Uluğ'un çatmış olduğu kaşları gevşemiş düz bir çizgi halini almıştı. Bakışları farklılaşmıştı. Hiç böyle bir bakışına şahit olmamıştım. Bakışları tek bir noktadaydı, dudaklarımdaydı. Tebessümüm solmuştu. Tuhaf bir an olmuştu. Bakışlarını dudaklarımdan, çeneme, çenemden boynuma oradan da bütün yüzümü yavaşça taramıştı. Göz göze gelince ise sesli bir şekilde yutkundu. Aradan kaç zaman geçtiğini anlamadım. Sessizliğimizi bölen onun sesiydi.
“Ölmeyeceksin, suçlu olsan da…” Bu söylemi beni şaşırtmıştı. Duyduğumu teyit etmeliydim.
“Anlamadım.” Hayret dolu bir sesle. Dolgun dudaklarını dili ile ıslatmıştı.
“Ölmene izin vermeyeceğim.” Sözleri ve bakışları oldukça güven vericiydi lakin kafam karışmıştı.
“Onca ölmesi gereken adam varken sana daha çok var.” Alayla karışık konuşmuştu.
“Peki, ailen karşına geçse bile mi?” Onun kadar iyimser olamıyordum. Duraklamış ve ciddileşmişti. Bakışları bile sertleşmişti. Bunun olacağını çok önceden öngörebiliyordum.
“Benim bir ailem yok Mihran!” Düşünce denizinde katılaşmıştı. Tuhafça ona bakmış ve kaşlarımı çatmıştım.
“Ya o çok değer verdiğin amcan beni öldürmeni isterse de mi?” Katıydım ona güvenmiyordum.
"Uykun yok muydu senin? Hadi doğru odana." Dedi, ayağa kalkarak. Hemen ayağa kalkıp kolunu tutmuştum.
"Bir soru sordum Uluğ cevap ver!" dedim, sertçe. Bakışları kolunu tutuğum eline gitmişti.
“Bir cevap istiyorum, sana güvenmemi istemiyor musun?” Onu ikna etme tavrına bürünmüştüm. Başını yana yatırmış anlamsız bir yüzle bakmıştı.

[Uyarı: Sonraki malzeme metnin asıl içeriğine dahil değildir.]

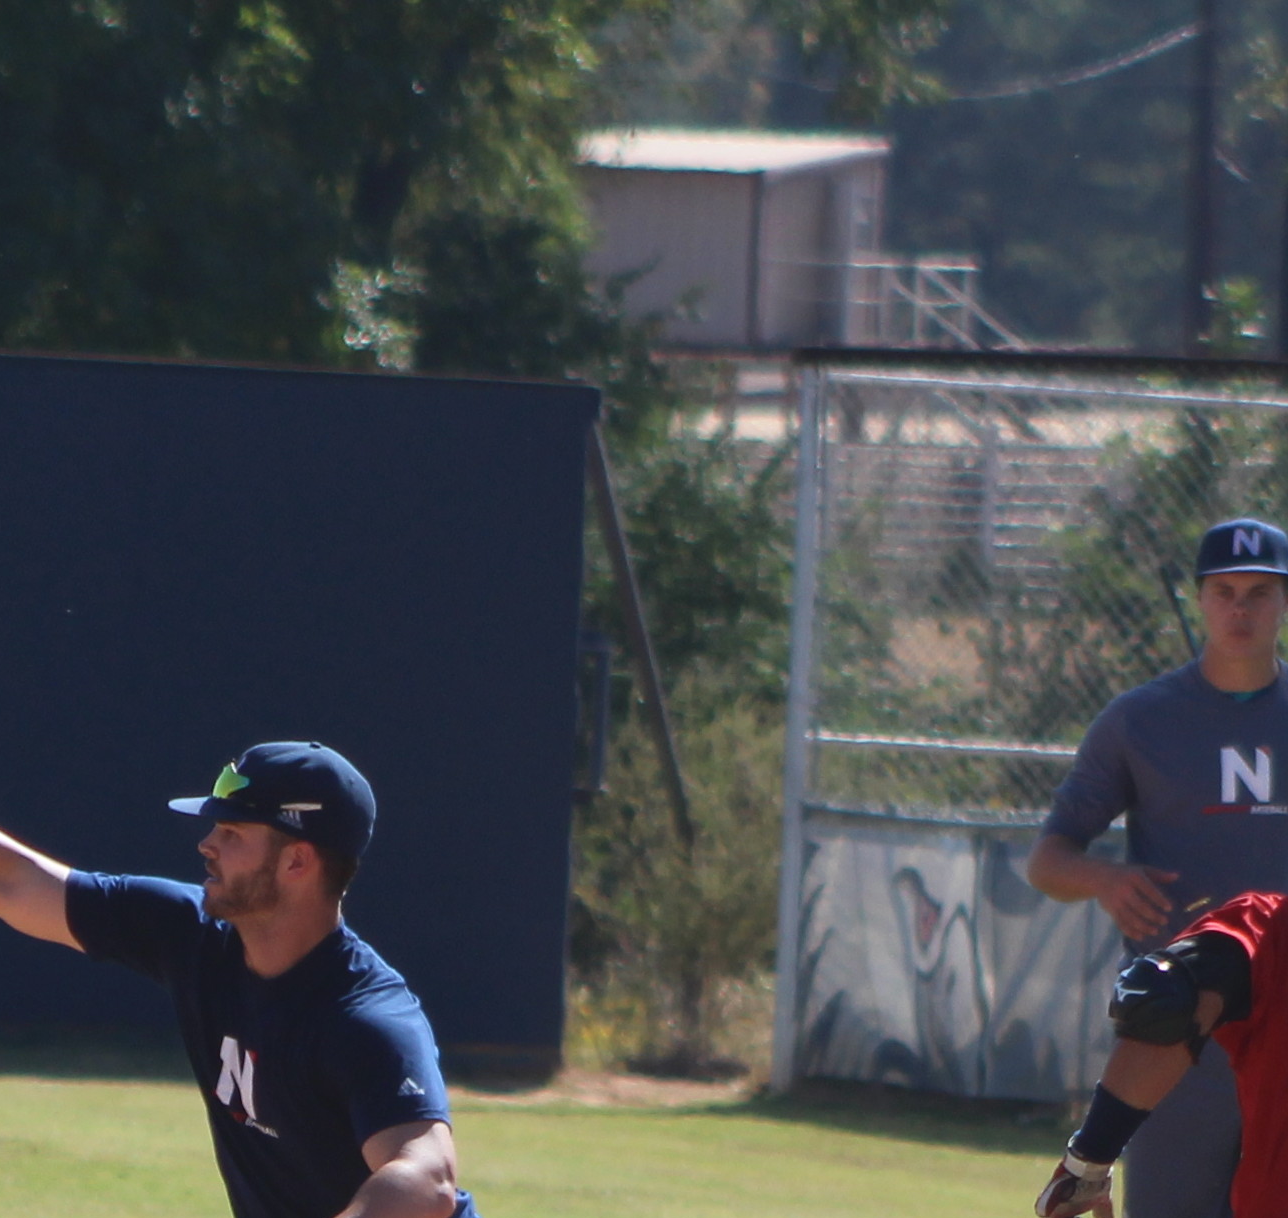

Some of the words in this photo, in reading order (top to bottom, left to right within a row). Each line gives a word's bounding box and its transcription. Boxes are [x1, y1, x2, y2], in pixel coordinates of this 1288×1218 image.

[1233, 529, 1260, 556] N
[1220, 746, 1271, 803] N
[215, 1035, 257, 1121] N
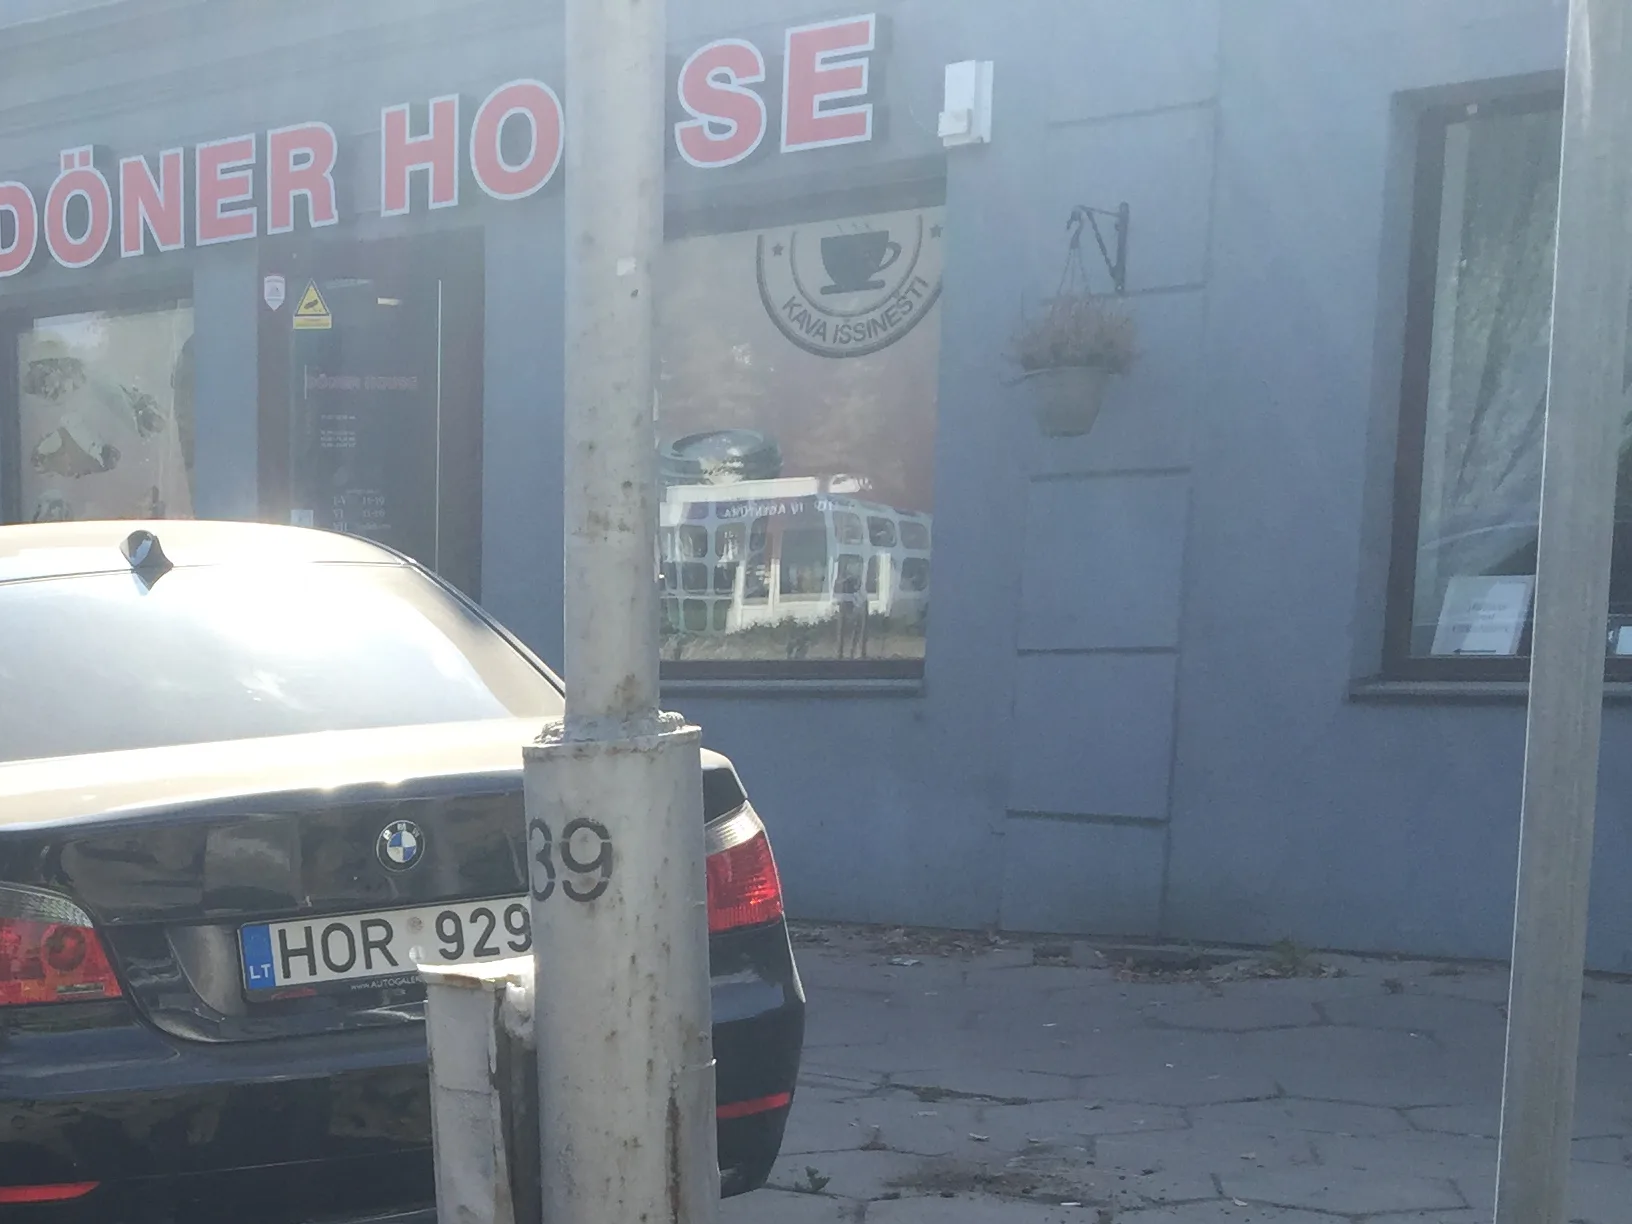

“Böyle bir şey istemedim senden ve mümkünse bu süreçte annene bile güvenme!” Acımasızca sözlerini sarf etmişti.
“Elimde avucumda bir şey kalmasın istiyorsun, neye tutunayım, nereye savrulayım? Söylesene ben ne yapıyım?” Gözlerinde hiç göremediğim o şefkat kırıntısına rastladım ve bu ki beni şaşkına çevirdi. Kolunu tutuğum elimin üzerine kendi elini koymuş ve usulca kendinden uzaklaştırmıştı fakat elimi bırakmamış baş parmağı ile avcumu okşuyordu.
“Kendini sevmelisin, kimse sevmezken hatta herkes hor görürken sen kendini sarmalısın küçük hanım.” Samimiydi herkesten çok…
“Ya zamanım yoksa ya geç kalmışsam. Ya o düştüğüm kuyuda can verirsem Uluğ?” Ümitsiz ve bitiktim. Hiçbir söz beni avutamazdı.
“Gelir yine çeker alırım seni oradan…” Demiş bana umut vermek için.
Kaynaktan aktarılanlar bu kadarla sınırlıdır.